*Problem statement:*
Images are to be omitted, and the rest of the records reproduced exactly.

──────── Extracted records ────────

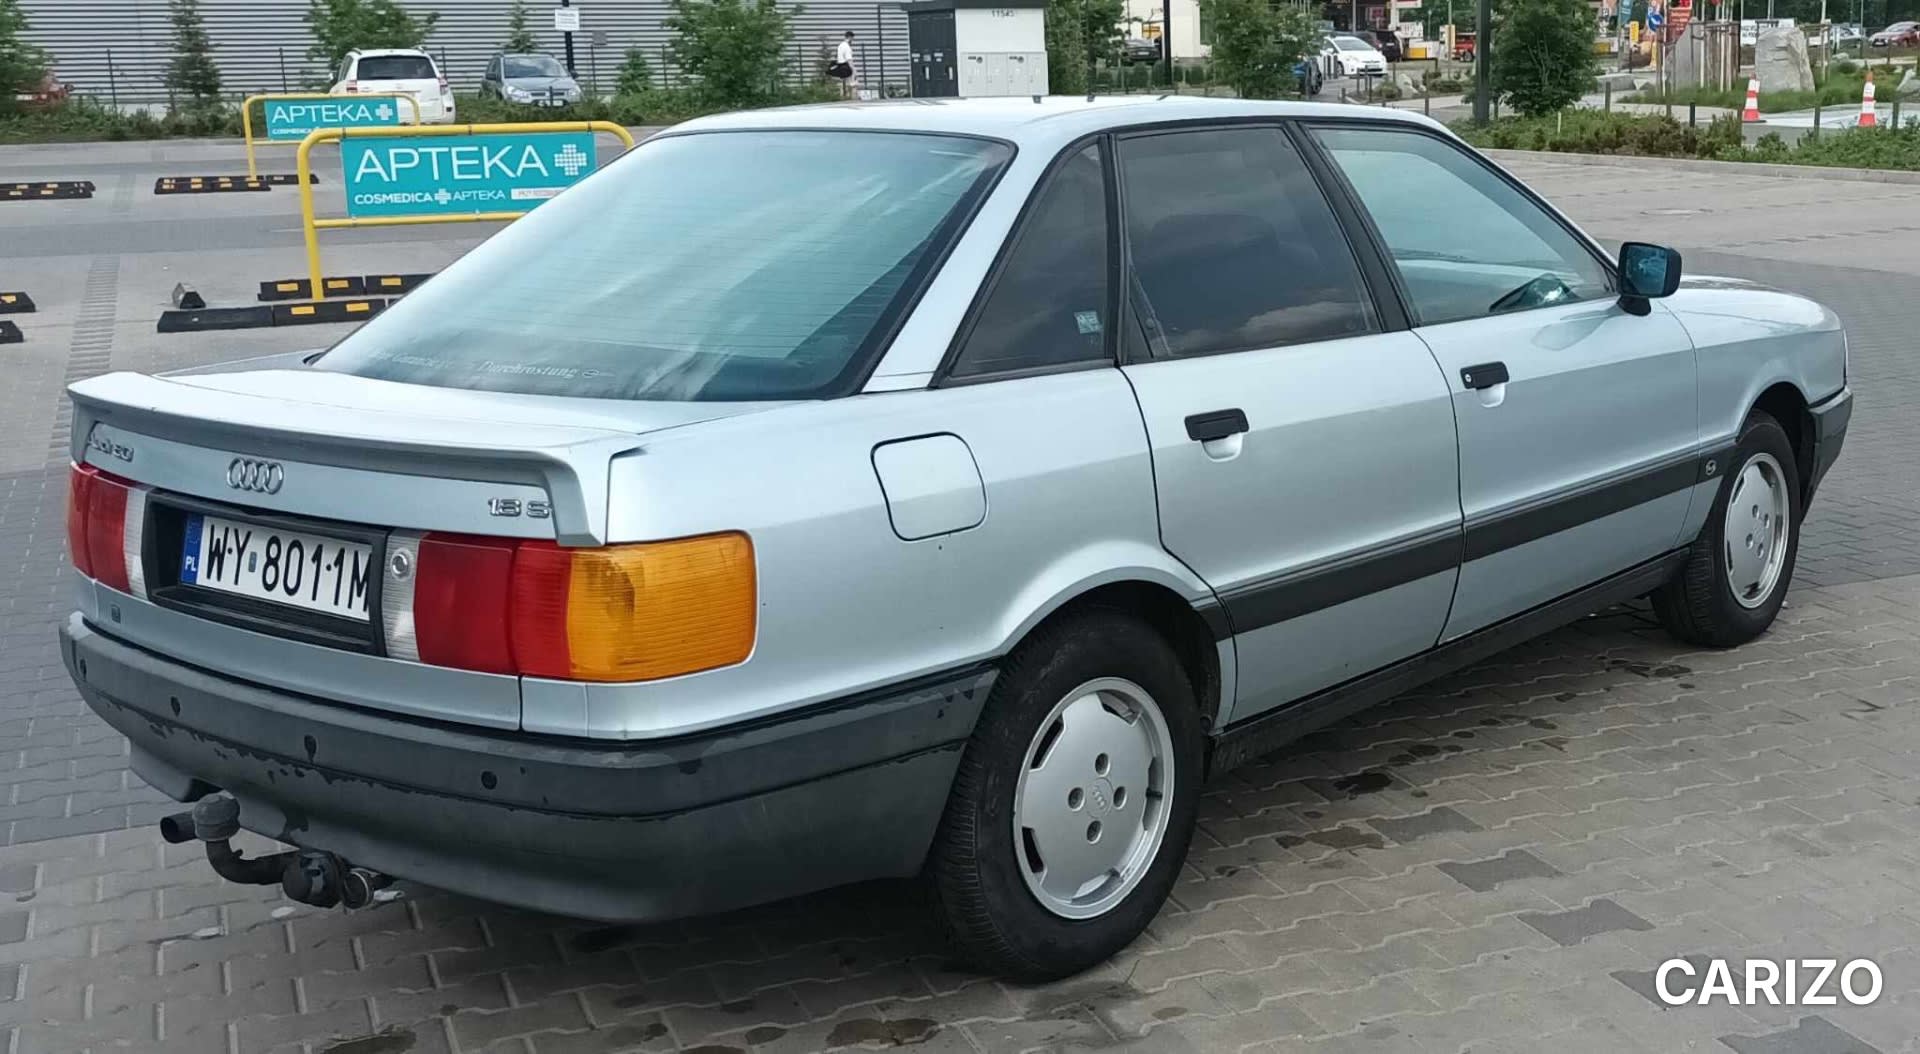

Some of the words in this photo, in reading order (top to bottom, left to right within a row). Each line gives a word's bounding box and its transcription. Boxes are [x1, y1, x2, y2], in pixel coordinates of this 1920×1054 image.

[272, 104, 373, 123] APTEKA
[354, 144, 549, 183] APTEKA
[354, 191, 434, 205] COSMEDICA
[453, 189, 506, 201] APTEKA
[527, 500, 550, 519] S
[184, 556, 197, 572] PL
[206, 524, 252, 586] WY
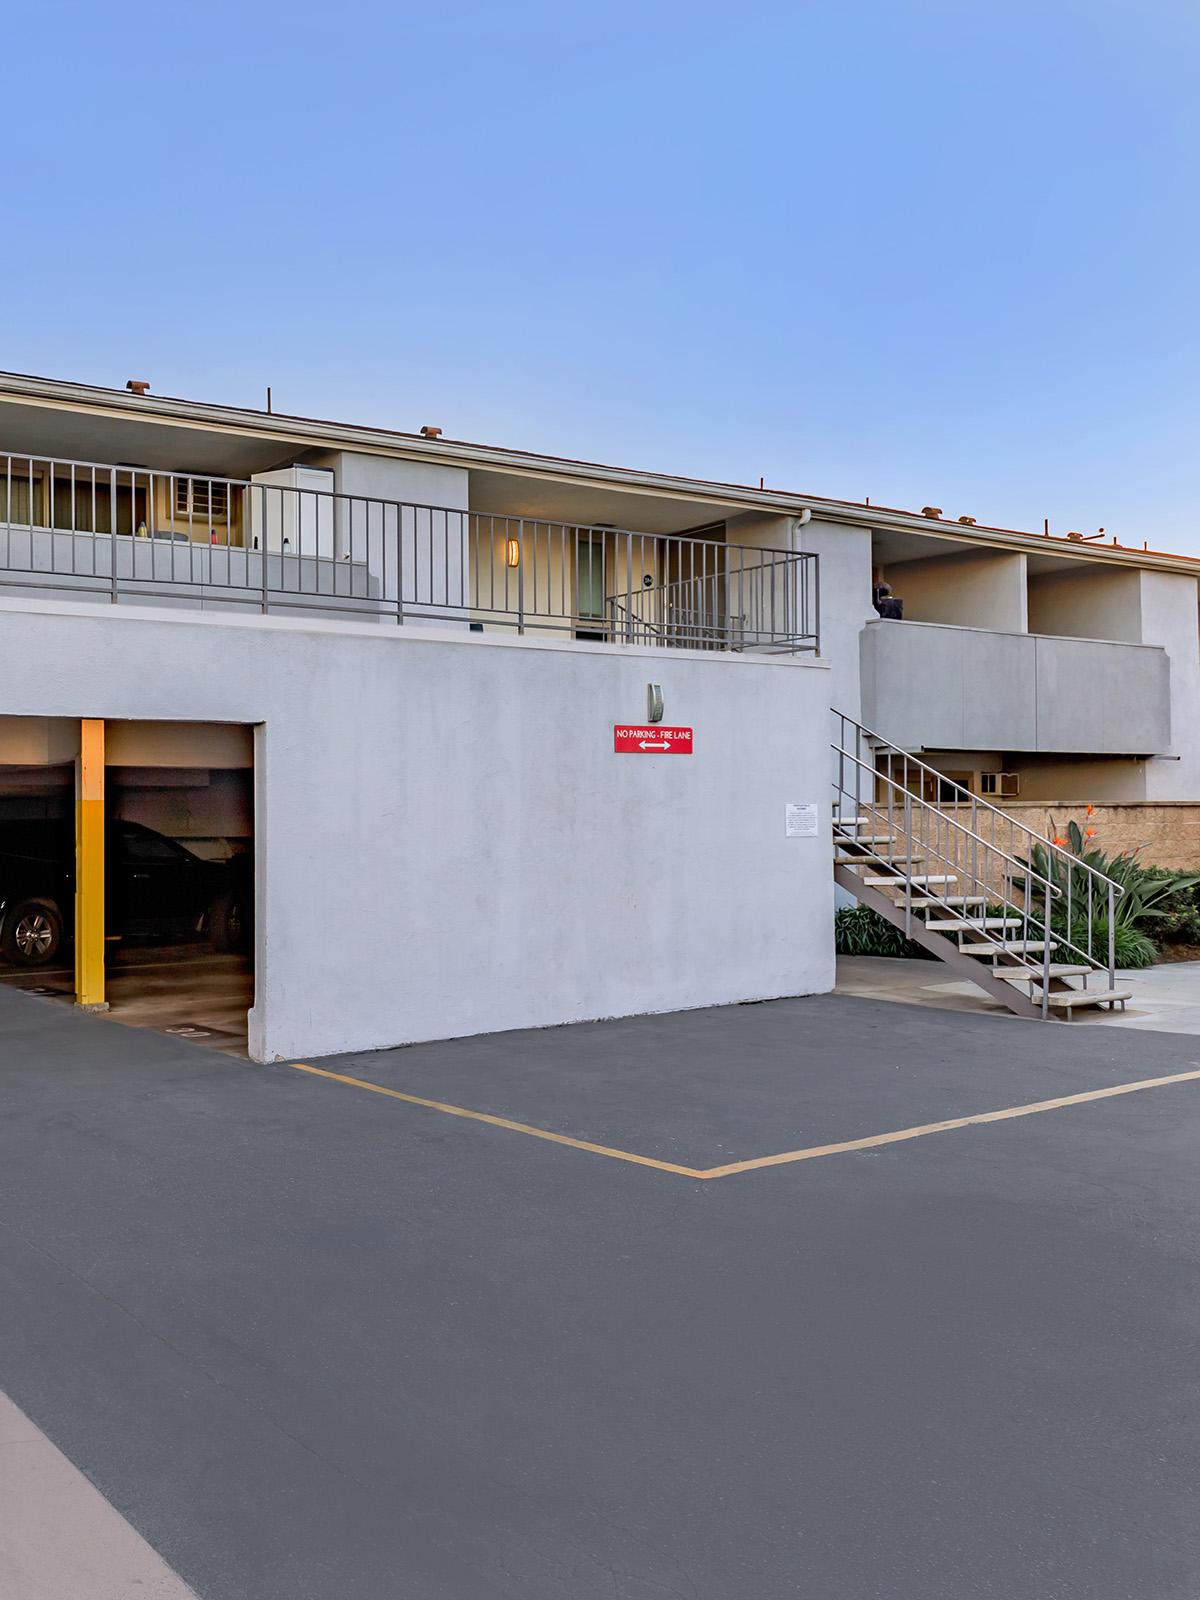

────────

*Task response:*
Some of the words in this photo, in reading order (top to bottom, left to right within a row). Each line gives a word's bounding box and its transcription. Boxes are [x1, y1, x2, y2], in pixel coordinates of this 1920×1054 image.

[272, 104, 373, 123] APTEKA
[354, 144, 549, 183] APTEKA
[354, 191, 434, 205] COSMEDICA
[453, 189, 506, 201] APTEKA
[527, 500, 550, 519] S
[184, 556, 197, 572] PL
[206, 524, 252, 586] WY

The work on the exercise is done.